=== Section Start ===
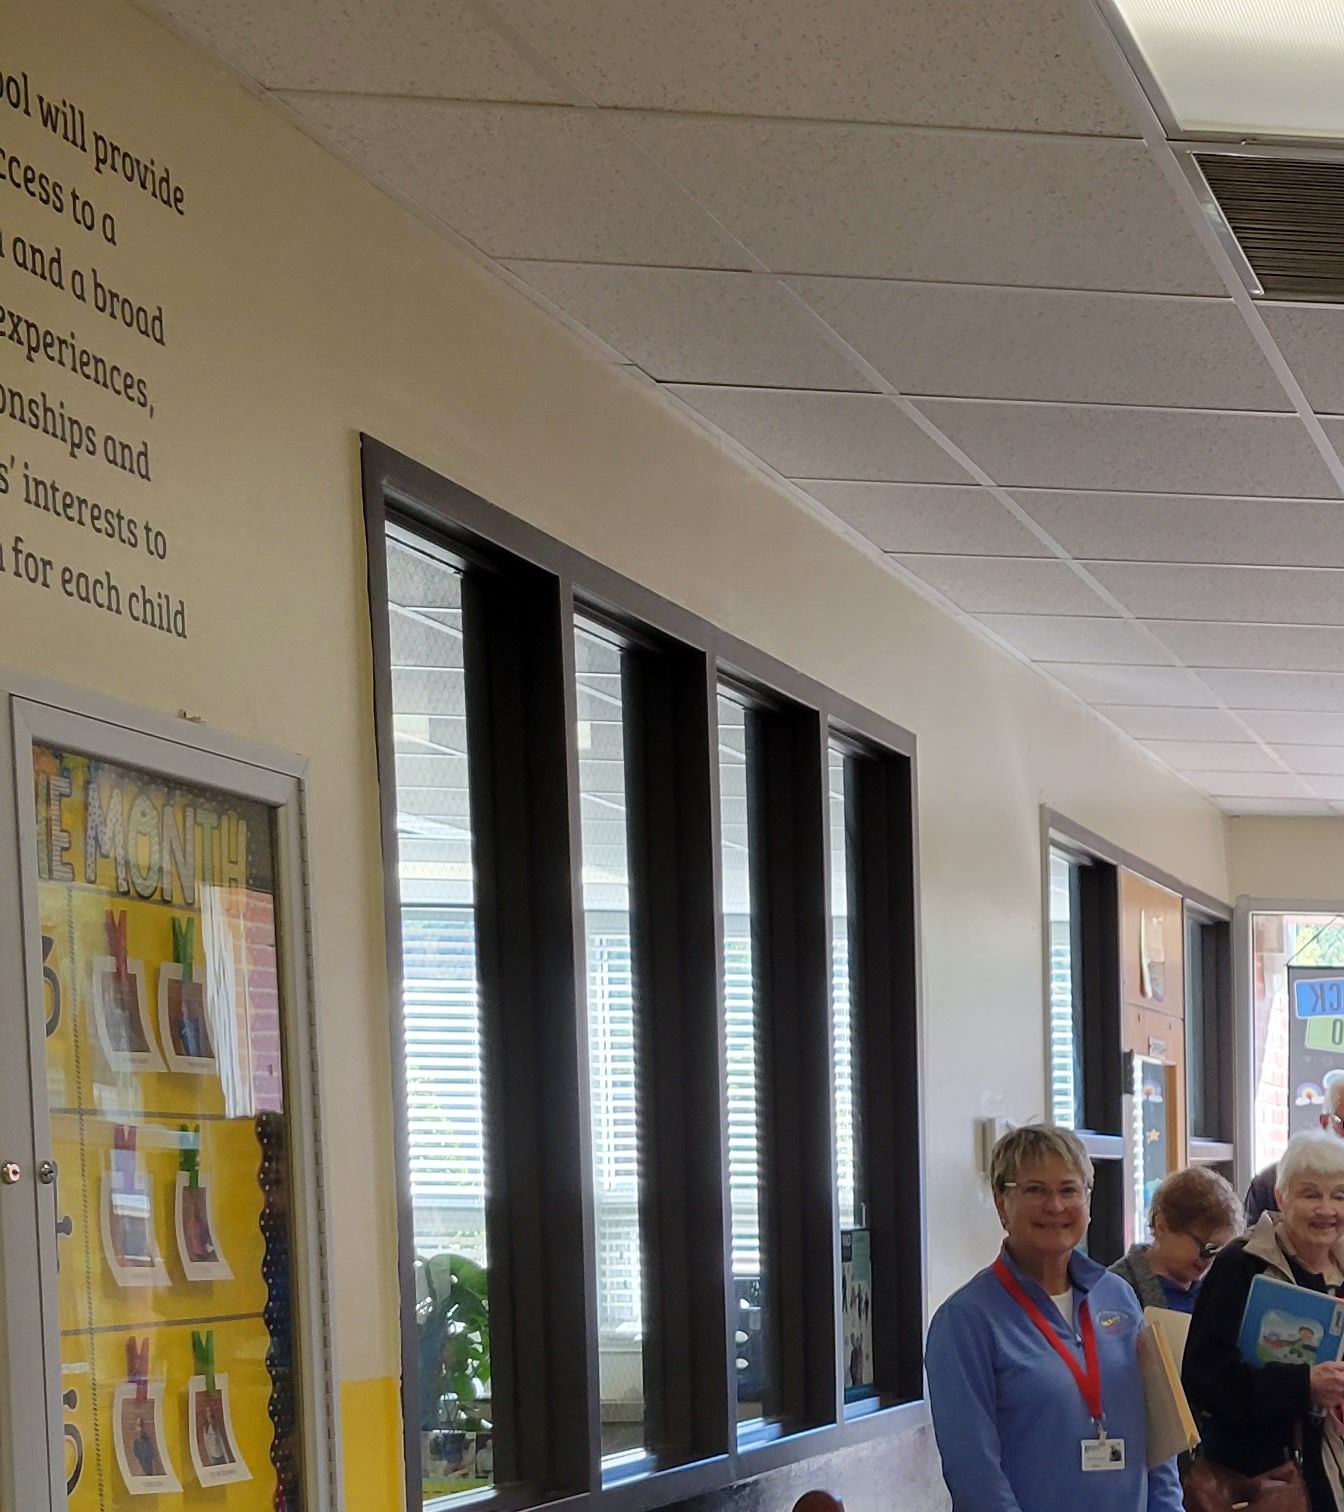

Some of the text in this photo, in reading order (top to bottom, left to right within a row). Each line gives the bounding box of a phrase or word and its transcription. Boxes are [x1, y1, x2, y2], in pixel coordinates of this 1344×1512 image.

[0, 71, 184, 215] ol will provide
[71, 187, 95, 231] to
[102, 213, 117, 246] a
[13, 236, 64, 290] and
[71, 269, 86, 303] a
[92, 267, 166, 346] broad
[104, 434, 151, 481] and
[23, 462, 138, 548] interests
[144, 520, 167, 560] to
[12, 536, 53, 588] for
[61, 566, 122, 615] each
[128, 585, 187, 639] child
[86, 782, 247, 906] MONTH
=== Section End ===
• Exercise instructions
Please write out every record above exactly, but leave the pictures out.

• Answer to this exercise
Some of the text in this photo, in reading order (top to bottom, left to right within a row). Each line gives the bounding box of a phrase or word and its transcription. Boxes are [x1, y1, x2, y2], in pixel coordinates of this 1344×1512 image.

[0, 71, 184, 215] ol will provide
[71, 187, 95, 231] to
[102, 213, 117, 246] a
[13, 236, 64, 290] and
[71, 269, 86, 303] a
[92, 267, 166, 346] broad
[104, 434, 151, 481] and
[23, 462, 138, 548] interests
[144, 520, 167, 560] to
[12, 536, 53, 588] for
[61, 566, 122, 615] each
[128, 585, 187, 639] child
[86, 782, 247, 906] MONTH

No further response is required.